Faith in America as a reliable partner has clearly been

diminished. As HSBC currency analysts reminded readers on

Tuesday, "Trust takes years to build, seconds to break and

forever to remake."

The administration appears to be trying to repair some of

that reputational damage. It's notable that Treasury Secretary

Scott Bessent and Trade Representative Jamieson Greer led the

delegation in Geneva this weekend rather than tariff hardliners

like Commerce Secretary Howard Lutnick and Office of Trade and

Manufacturing Policy director Peter Navarro.

But fully restoring U.S. credibility won't be a quick fix.

And the long-term consequences for U.S. rates, the dollar and

U.S. assets overall could be meaningful.

So if we consider where we are relative to a no-tariff

scenario, U.S. growth will likely be slower, prices will likely

be higher, and uncertainty will run much deeper. But would these

costs be so burdensome had the administration taken a more

pragmatic, less confrontational approach from the start?

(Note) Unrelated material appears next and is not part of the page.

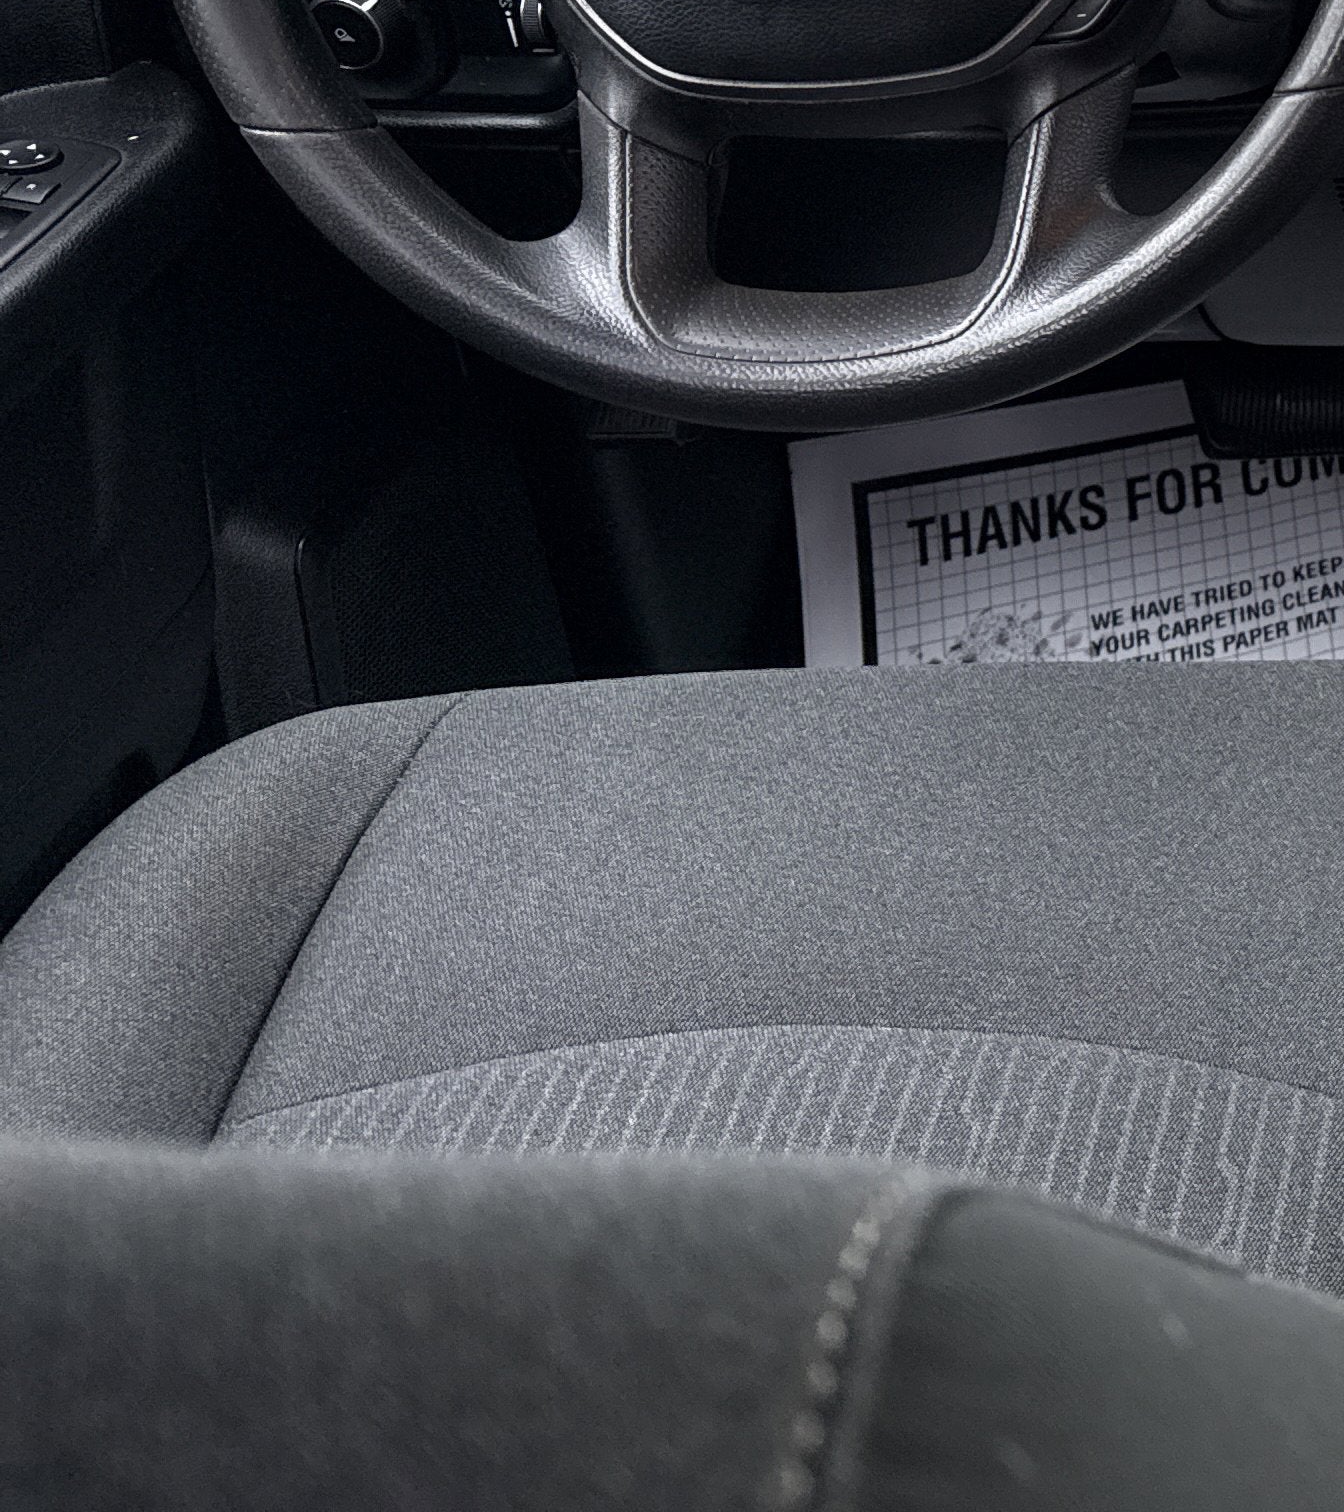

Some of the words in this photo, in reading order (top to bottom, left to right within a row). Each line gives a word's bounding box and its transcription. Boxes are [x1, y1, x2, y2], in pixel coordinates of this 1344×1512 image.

The wounds will heal, but the scars may last a long time.

What could move markets tomorrow?

* India wholesale price inflation (April)

* Germany CPI inflation (April, final)

* Bank of England Deputy Governor Sarah Breeden speaks

* Federal Reserve Vice Chair Philip Jefferson speaks

Opinions expressed are those of the author. They do not

reflect the views of Reuters News, which, under the Trust

Principles, is committed to integrity, independence, and freedom

from bias.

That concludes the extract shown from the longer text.